TASK REQUIREMENTS: Each record should be given again exactly, and any picture in it left out.
EXERCISE INPUTS section start
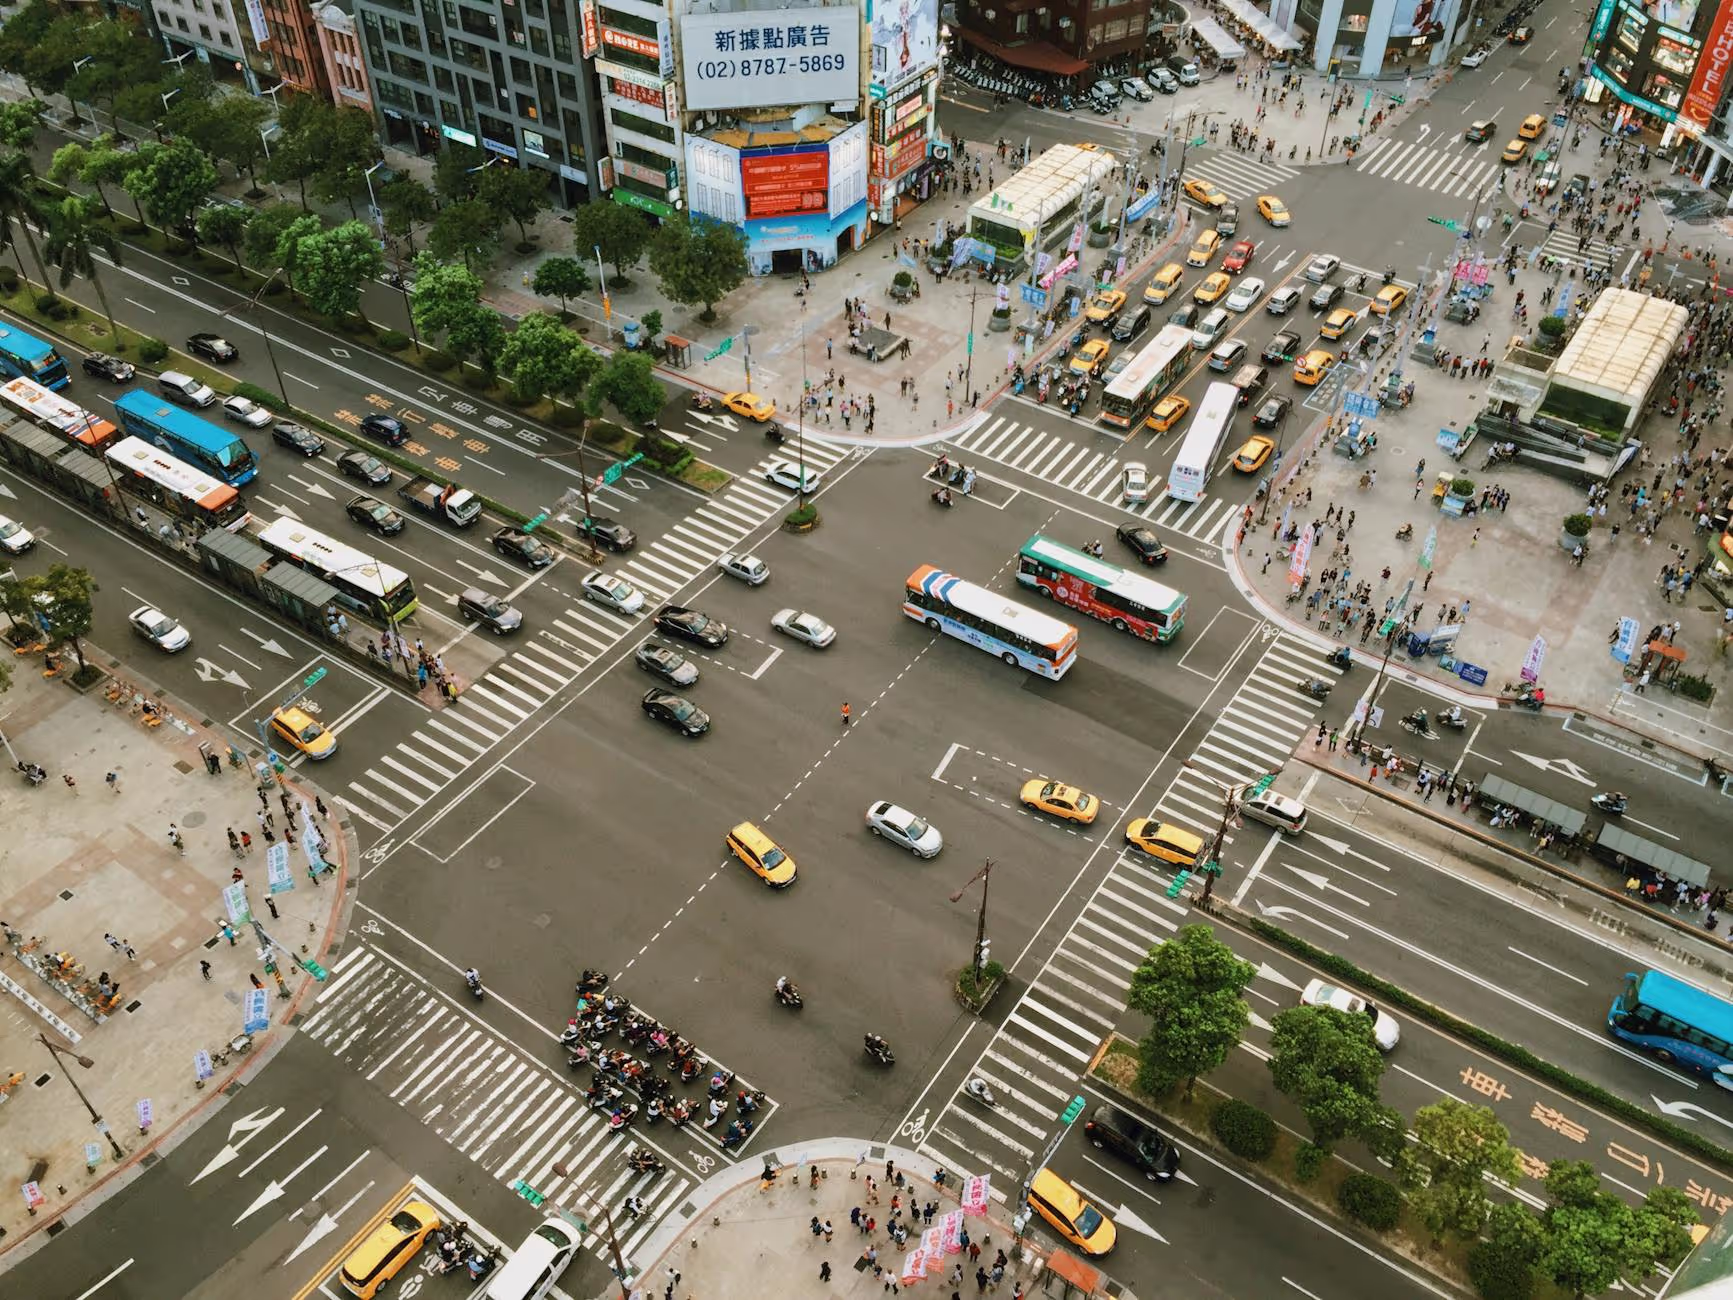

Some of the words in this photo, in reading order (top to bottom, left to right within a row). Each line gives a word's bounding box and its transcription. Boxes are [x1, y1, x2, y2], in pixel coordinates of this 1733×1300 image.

[697, 53, 845, 80] (02)8787-5869
[715, 24, 830, 52] 新據點廣告
[1702, 34, 1733, 96] HOTEL
[333, 408, 463, 473] 禁機車
[417, 385, 549, 447] 公車專用
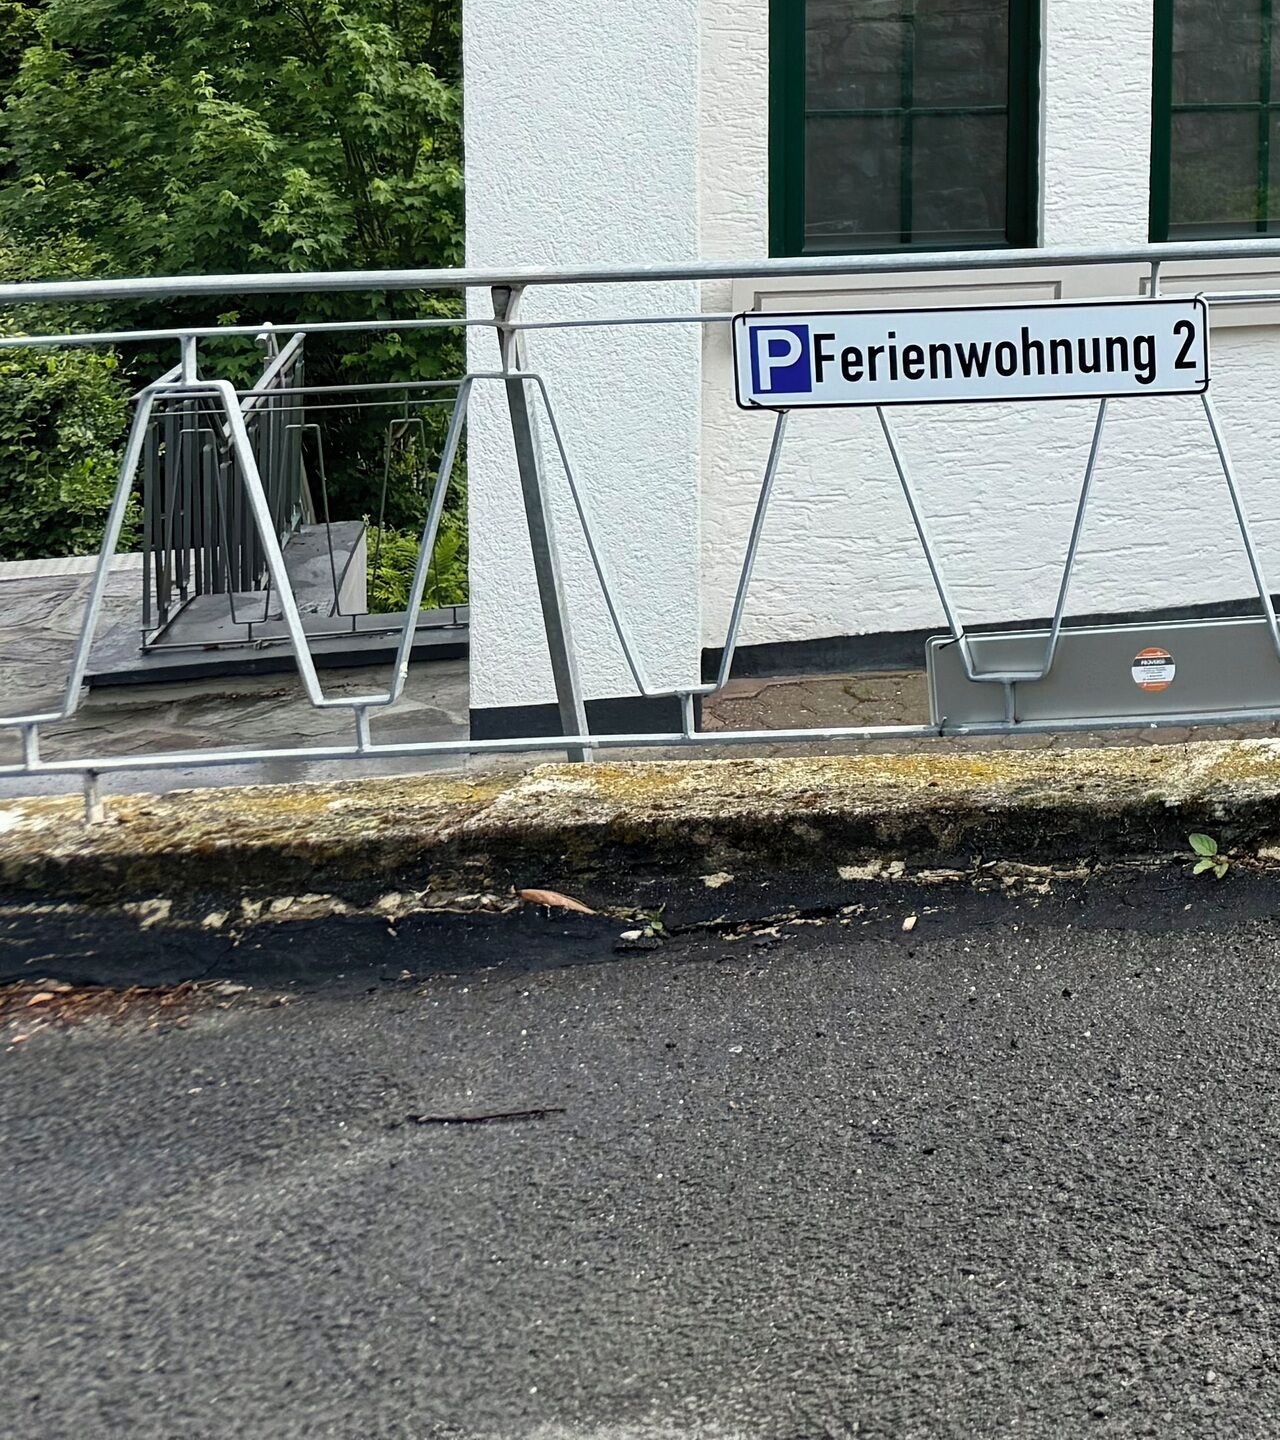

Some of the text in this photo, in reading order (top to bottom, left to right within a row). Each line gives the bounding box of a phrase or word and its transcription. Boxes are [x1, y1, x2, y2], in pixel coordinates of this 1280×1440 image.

[757, 320, 1197, 391] P Ferienwohnung 2
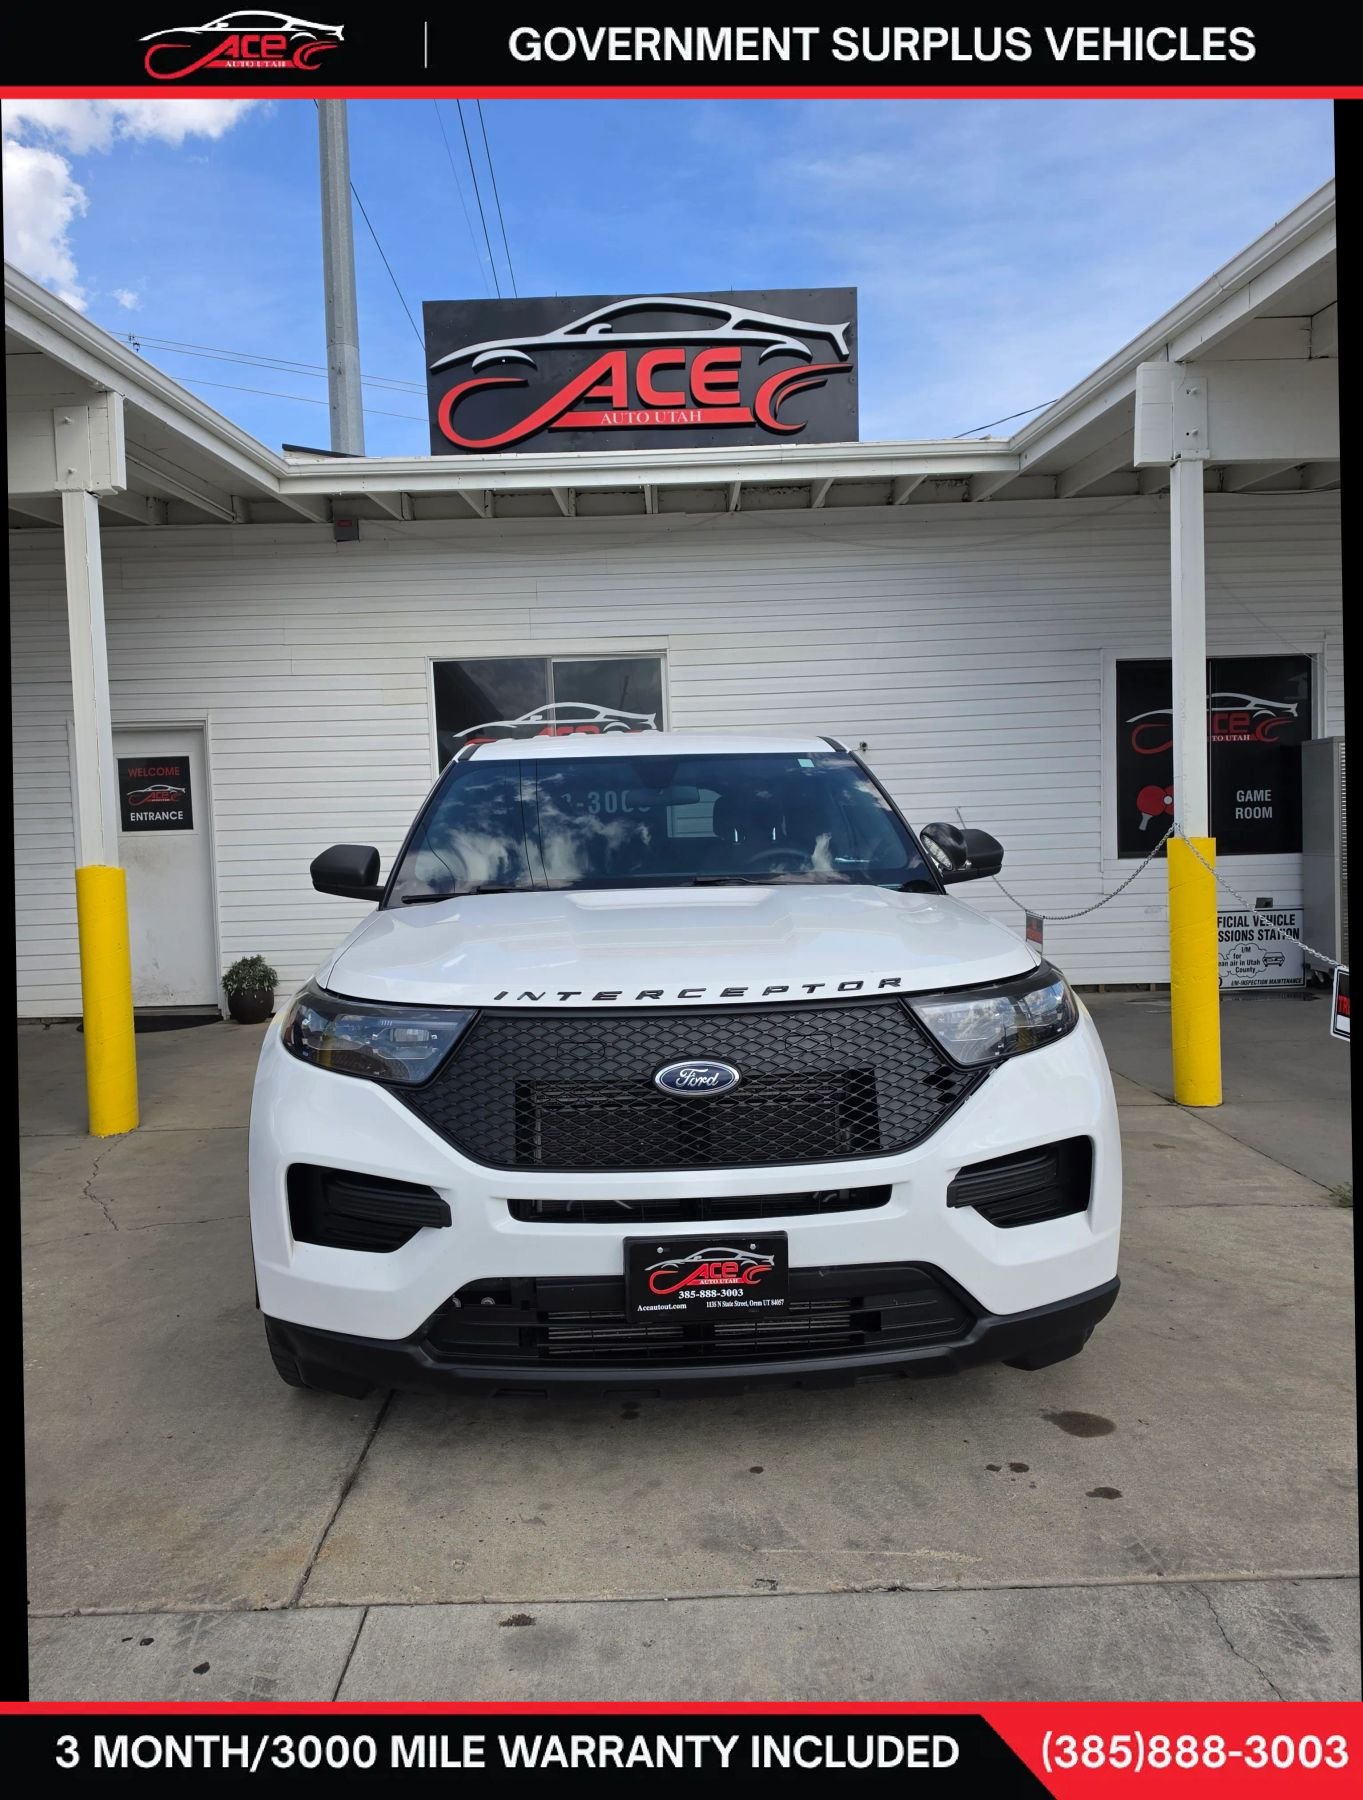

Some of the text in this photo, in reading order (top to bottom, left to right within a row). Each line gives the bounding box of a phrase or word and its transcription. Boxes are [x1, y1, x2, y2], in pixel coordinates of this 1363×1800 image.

[580, 346, 743, 410] ACE
[600, 409, 702, 426] AUTO UTAH
[1225, 734, 1251, 742] UTAH
[128, 767, 181, 777] WELCOME
[1236, 790, 1272, 803] GAME
[130, 811, 184, 822] ENTRANCE
[1235, 806, 1273, 820] ROOM
[1253, 914, 1296, 927] VEHICLE
[1235, 967, 1256, 975] County
[494, 977, 902, 1001] INTERCEPTOR
[675, 1068, 720, 1088] Ford
[678, 1288, 744, 1299] 385-888-3003
[637, 1303, 687, 1312] Aceautout.com
EXERCISE INPUTS section end
PROBLEM SOLUTION:
Some of the words in this photo, in reading order (top to bottom, left to right within a row). Each line gives a word's bounding box and its transcription. Boxes are [x1, y1, x2, y2], in pixel coordinates of this 1733×1300 image.

[697, 53, 845, 80] (02)8787-5869
[715, 24, 830, 52] 新據點廣告
[1702, 34, 1733, 96] HOTEL
[333, 408, 463, 473] 禁機車
[417, 385, 549, 447] 公車專用

Some of the text in this photo, in reading order (top to bottom, left to right within a row). Each line gives the bounding box of a phrase or word and its transcription. Boxes are [x1, y1, x2, y2], in pixel coordinates of this 1280×1440 image.

[757, 320, 1197, 391] P Ferienwohnung 2

Some of the text in this photo, in reading order (top to bottom, left to right within a row). Each line gives the bounding box of a phrase or word and its transcription. Boxes are [x1, y1, x2, y2], in pixel coordinates of this 1363×1800 image.

[580, 346, 743, 410] ACE
[600, 409, 702, 426] AUTO UTAH
[1225, 734, 1251, 742] UTAH
[128, 767, 181, 777] WELCOME
[1236, 790, 1272, 803] GAME
[130, 811, 184, 822] ENTRANCE
[1235, 806, 1273, 820] ROOM
[1253, 914, 1296, 927] VEHICLE
[1235, 967, 1256, 975] County
[494, 977, 902, 1001] INTERCEPTOR
[675, 1068, 720, 1088] Ford
[678, 1288, 744, 1299] 385-888-3003
[637, 1303, 687, 1312] Aceautout.com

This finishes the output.